__DATASET CONTENT__.

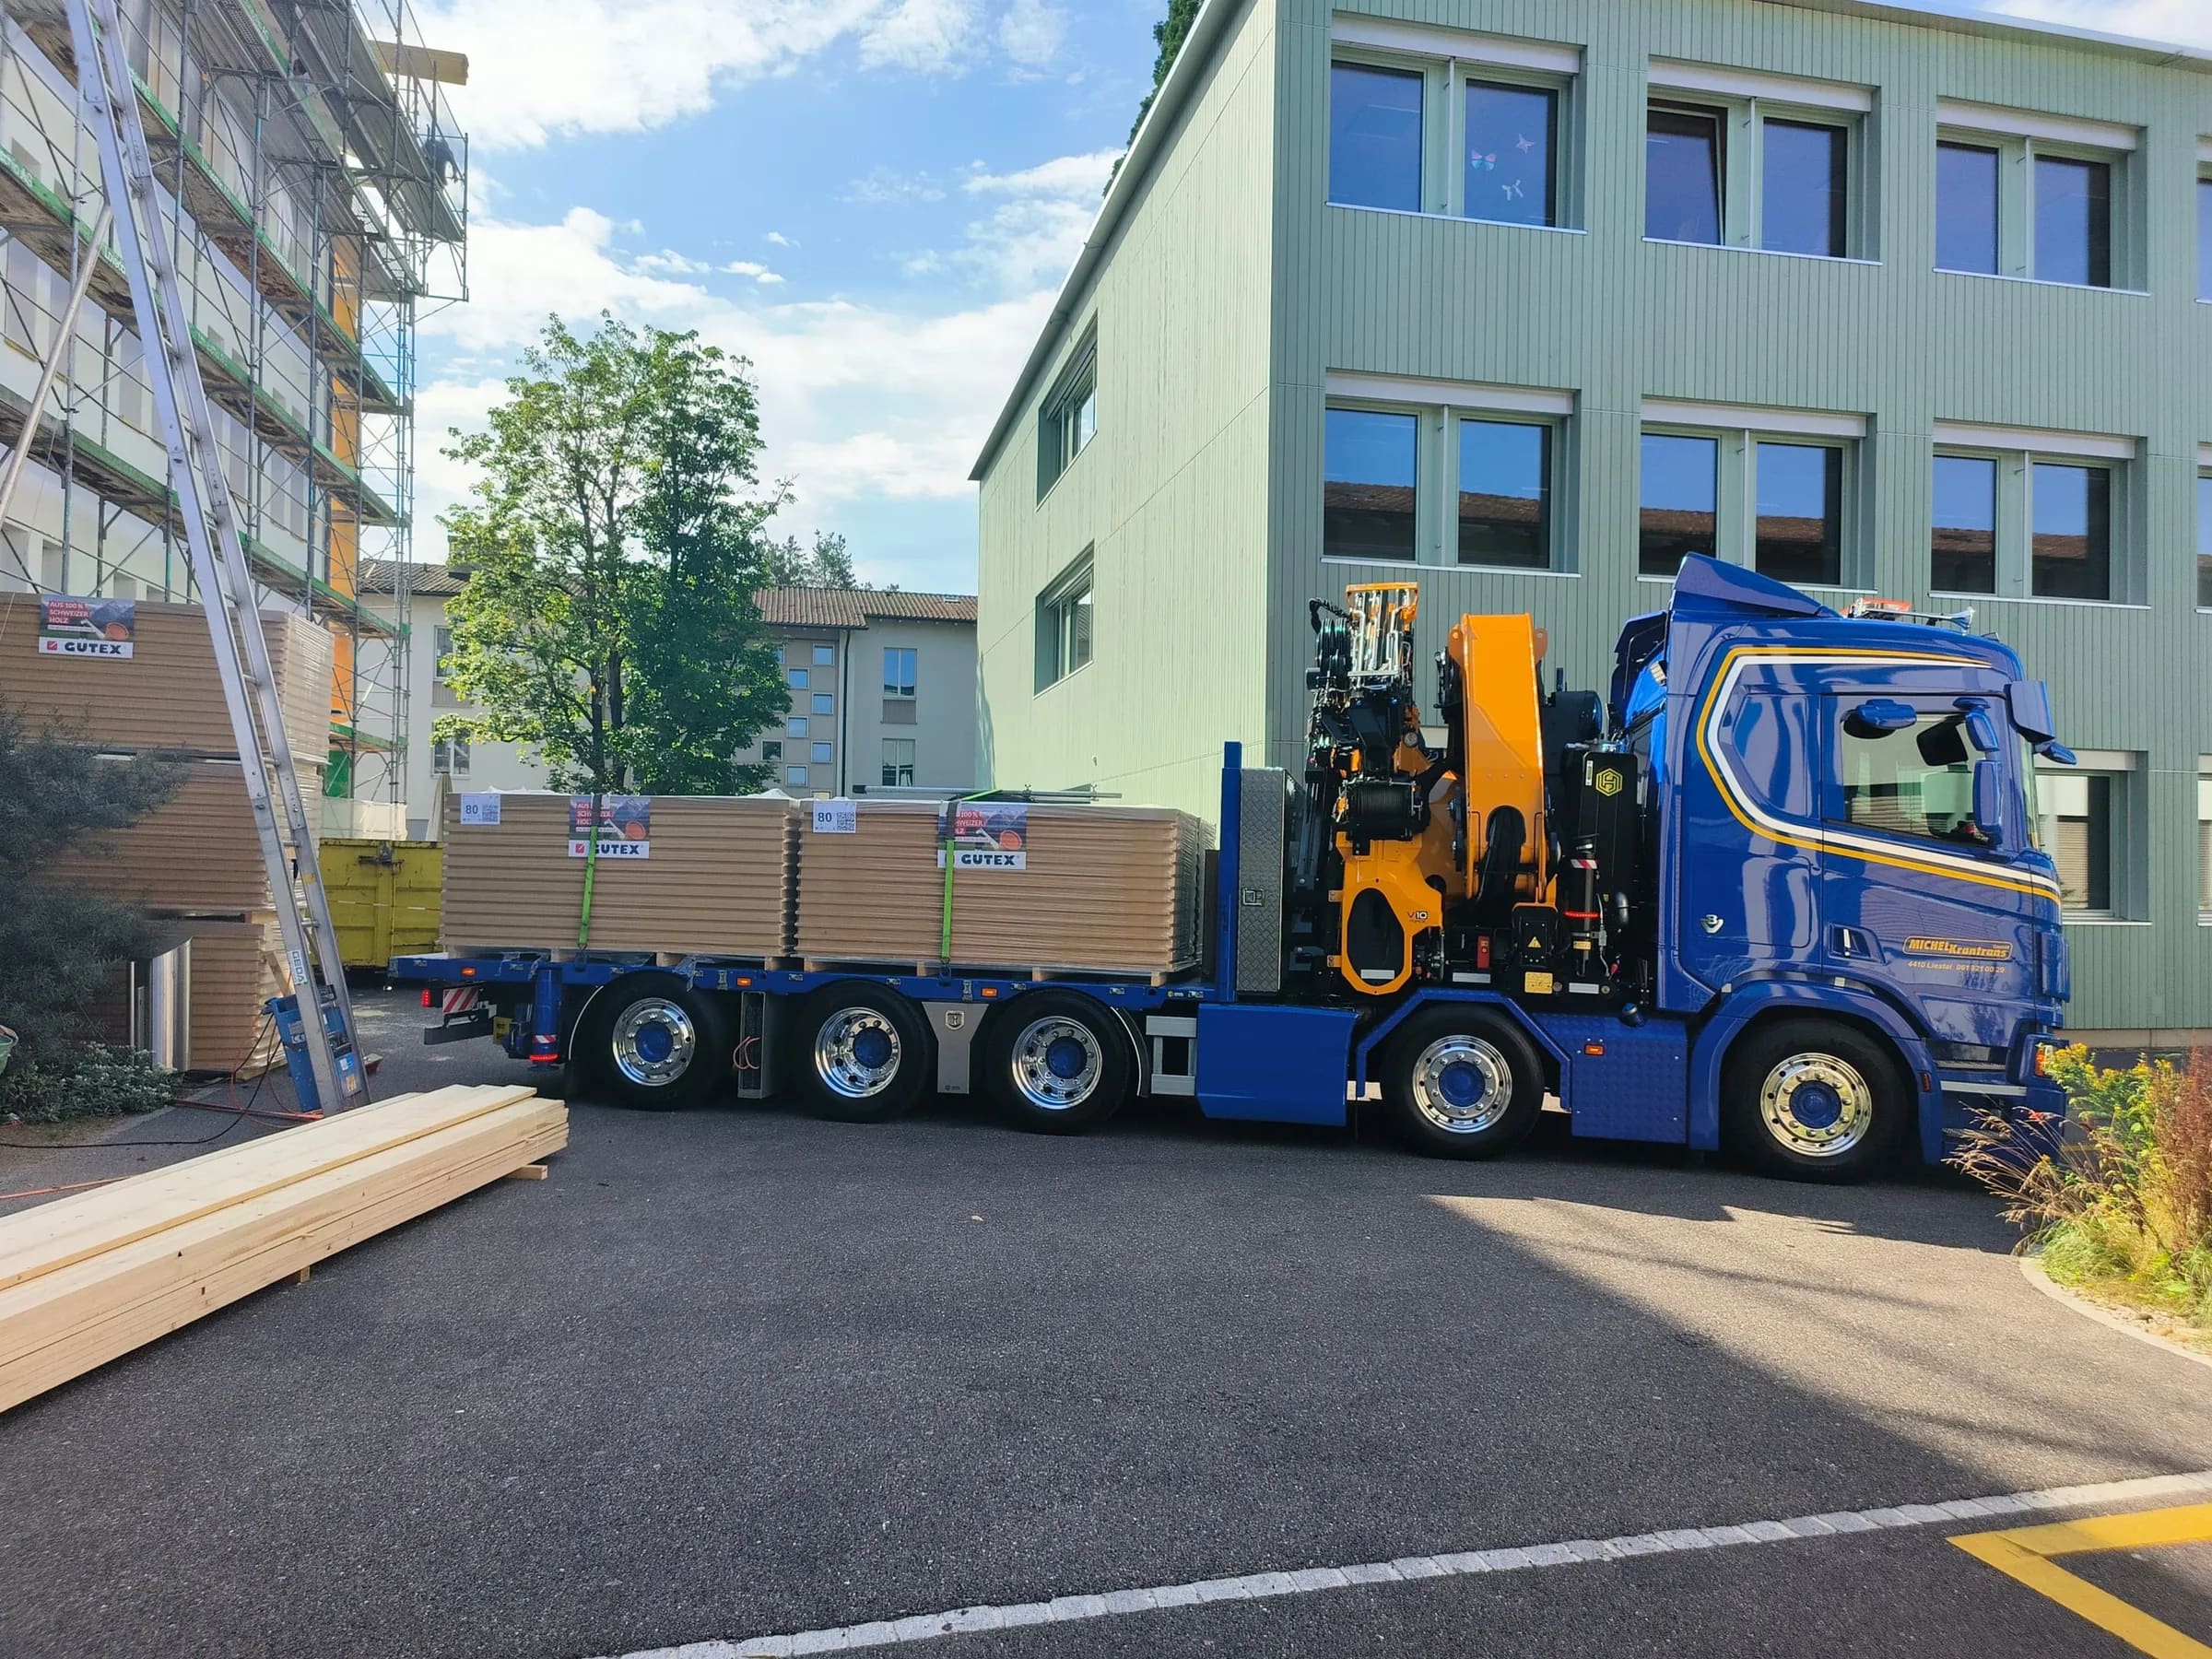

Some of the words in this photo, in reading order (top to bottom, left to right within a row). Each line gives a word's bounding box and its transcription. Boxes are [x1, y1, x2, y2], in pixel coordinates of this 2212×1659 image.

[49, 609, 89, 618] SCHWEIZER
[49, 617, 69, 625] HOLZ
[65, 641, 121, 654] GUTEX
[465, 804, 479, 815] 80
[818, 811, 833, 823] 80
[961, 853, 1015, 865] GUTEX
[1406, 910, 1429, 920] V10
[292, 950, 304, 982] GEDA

__WORK ORDER__.
Retype all entries exactly as they appear, dropping the images.

__EXPECTED ANSWER__.
Some of the words in this photo, in reading order (top to bottom, left to right within a row). Each line gives a word's bounding box and its transcription. Boxes are [x1, y1, x2, y2], in pixel coordinates of this 2212×1659 image.

[49, 609, 89, 618] SCHWEIZER
[49, 617, 69, 625] HOLZ
[65, 641, 121, 654] GUTEX
[465, 804, 479, 815] 80
[818, 811, 833, 823] 80
[961, 853, 1015, 865] GUTEX
[1406, 910, 1429, 920] V10
[292, 950, 304, 982] GEDA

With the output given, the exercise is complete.